- _Exercise aim_: Output every entry below word for word, minus the images.

□ □ □ □

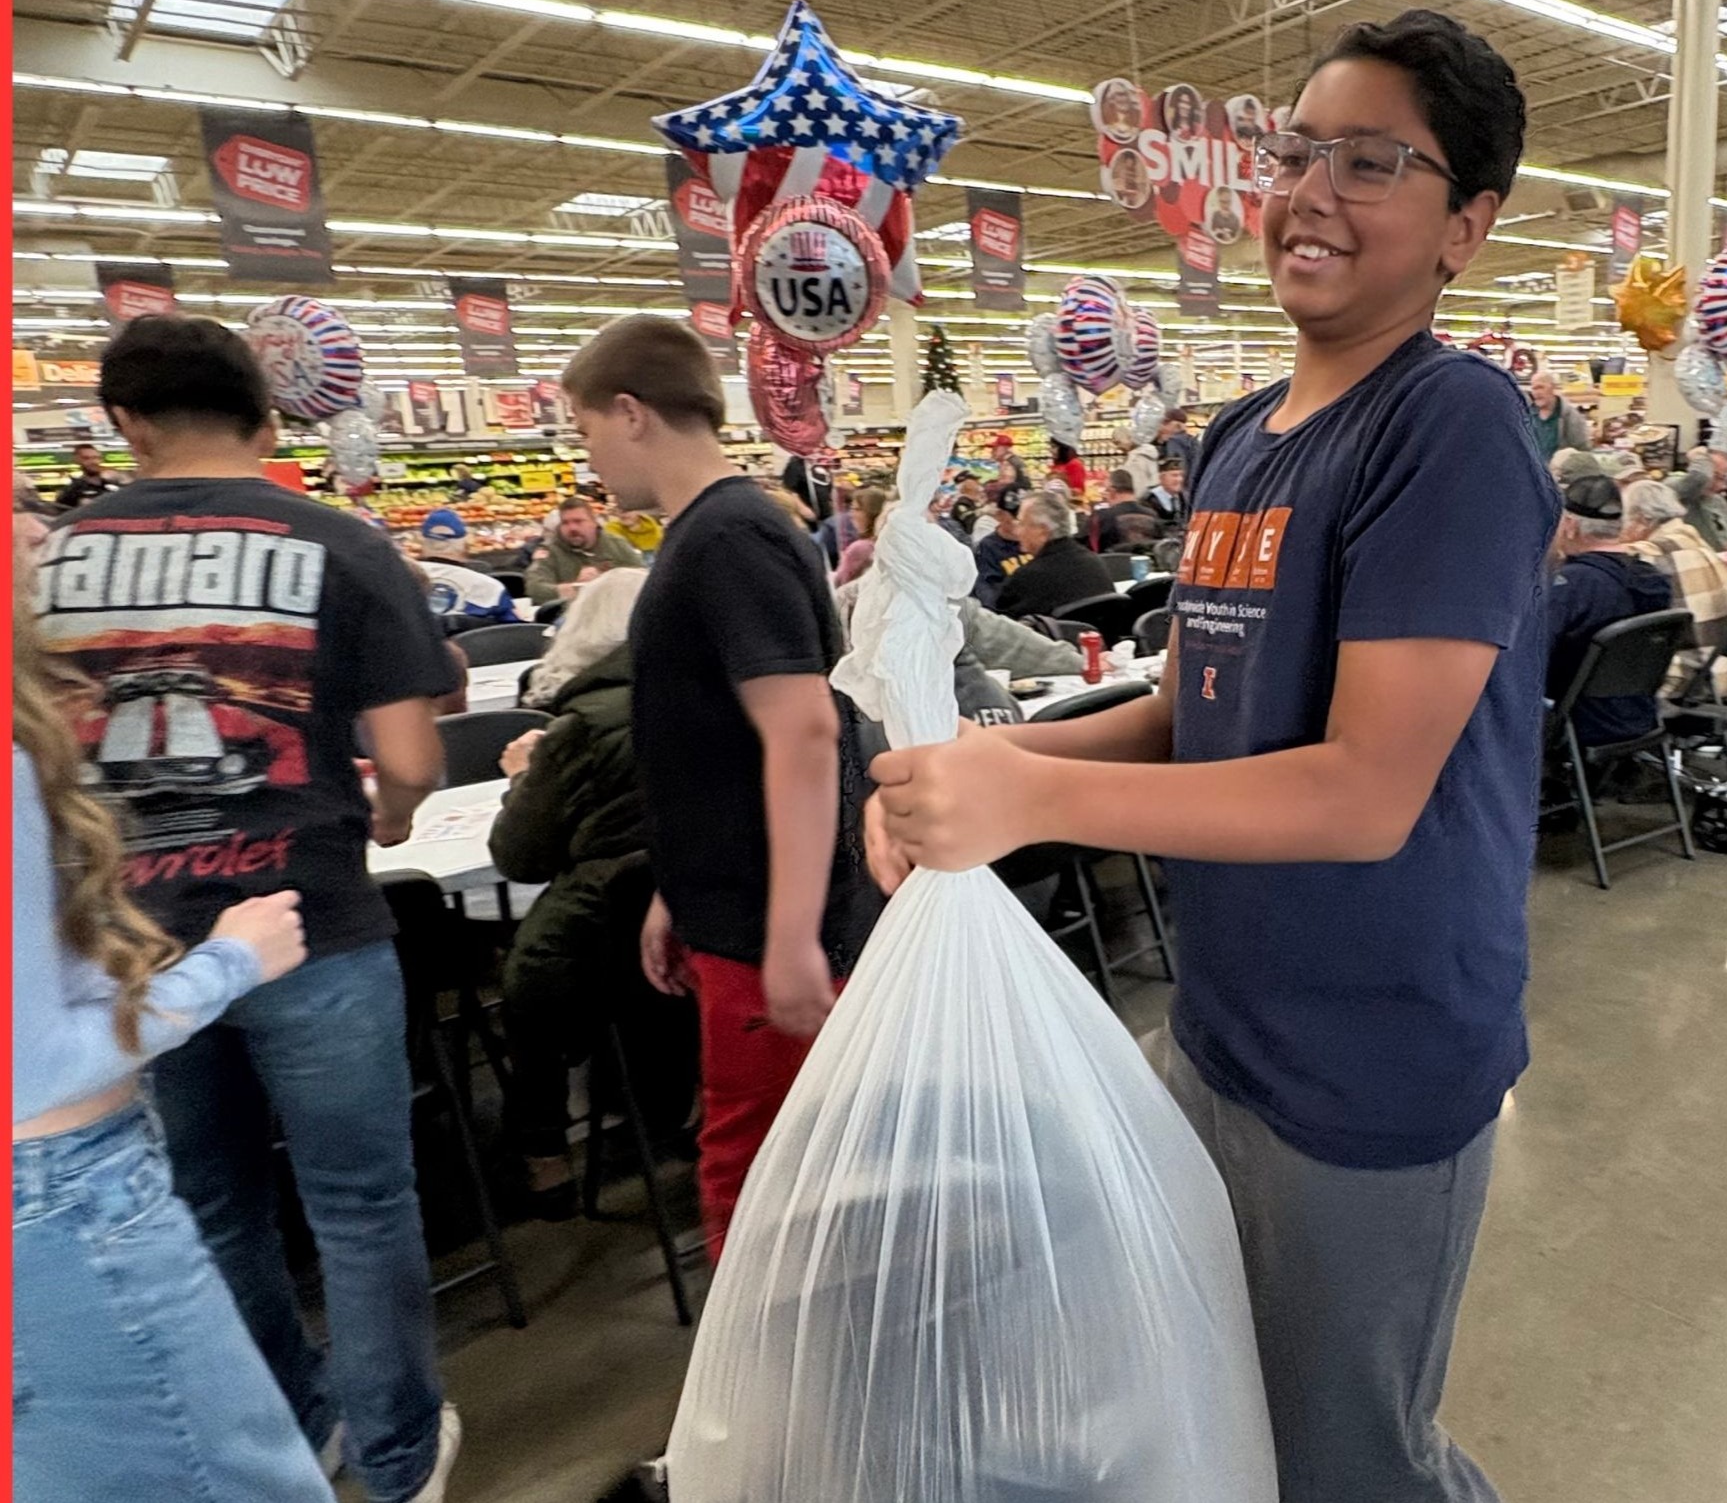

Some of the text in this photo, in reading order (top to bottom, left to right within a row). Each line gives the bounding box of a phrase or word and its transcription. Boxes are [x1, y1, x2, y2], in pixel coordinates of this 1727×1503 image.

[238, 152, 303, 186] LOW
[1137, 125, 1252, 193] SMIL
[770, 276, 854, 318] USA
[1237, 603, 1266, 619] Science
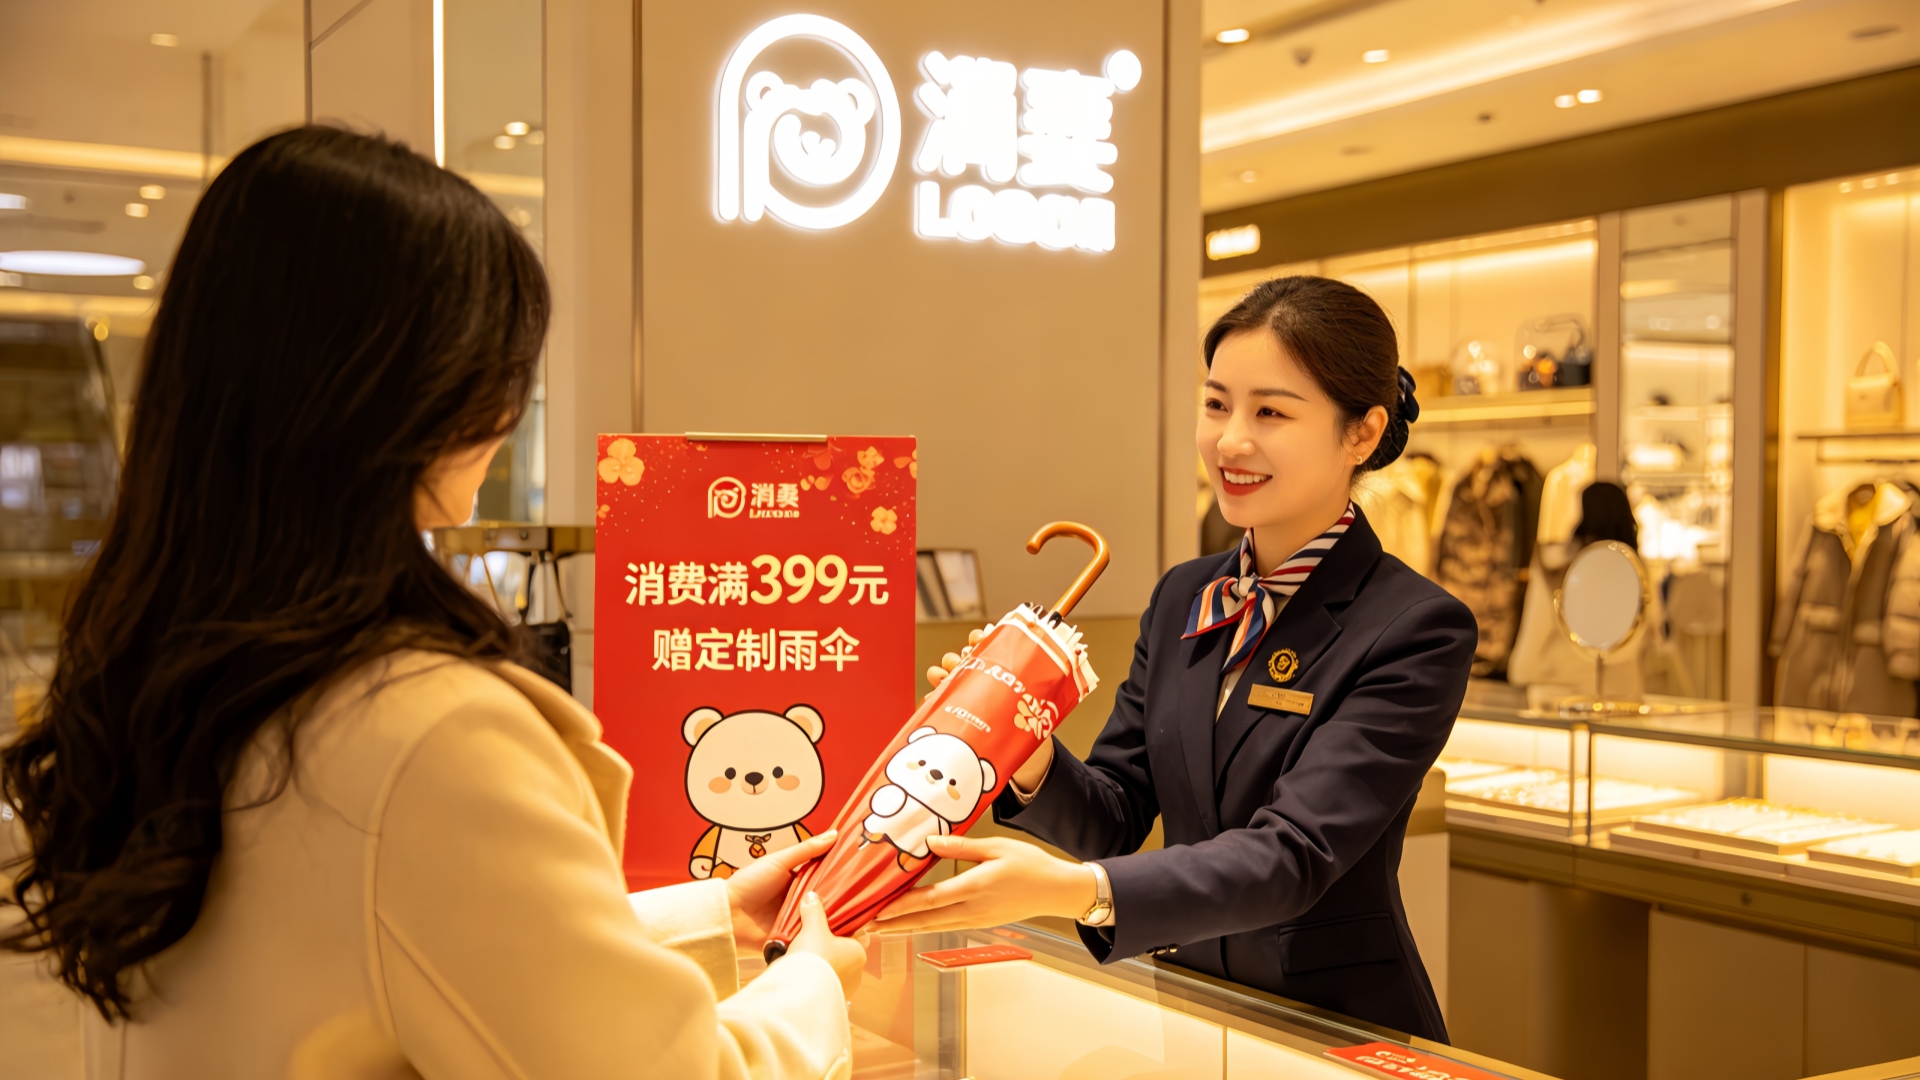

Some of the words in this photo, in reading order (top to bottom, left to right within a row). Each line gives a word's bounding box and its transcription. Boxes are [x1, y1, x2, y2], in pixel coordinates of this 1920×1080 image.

□ □ □ □

- _Response to the exercise_:
Some of the text in this photo, in reading order (top to bottom, left to right within a row). Each line gives the bounding box of a phrase or word and its transcription. Boxes are [x1, y1, x2, y2], in pixel coordinates of this 1727×1503 image.

[238, 152, 303, 186] LOW
[1137, 125, 1252, 193] SMIL
[770, 276, 854, 318] USA
[1237, 603, 1266, 619] Science

Some of the words in this photo, in reading order (top to bottom, left to right within a row). Each line gives a word's bounding box and its transcription. Boxes are [x1, y1, x2, y2], in pixel coordinates of this 1920×1080 image.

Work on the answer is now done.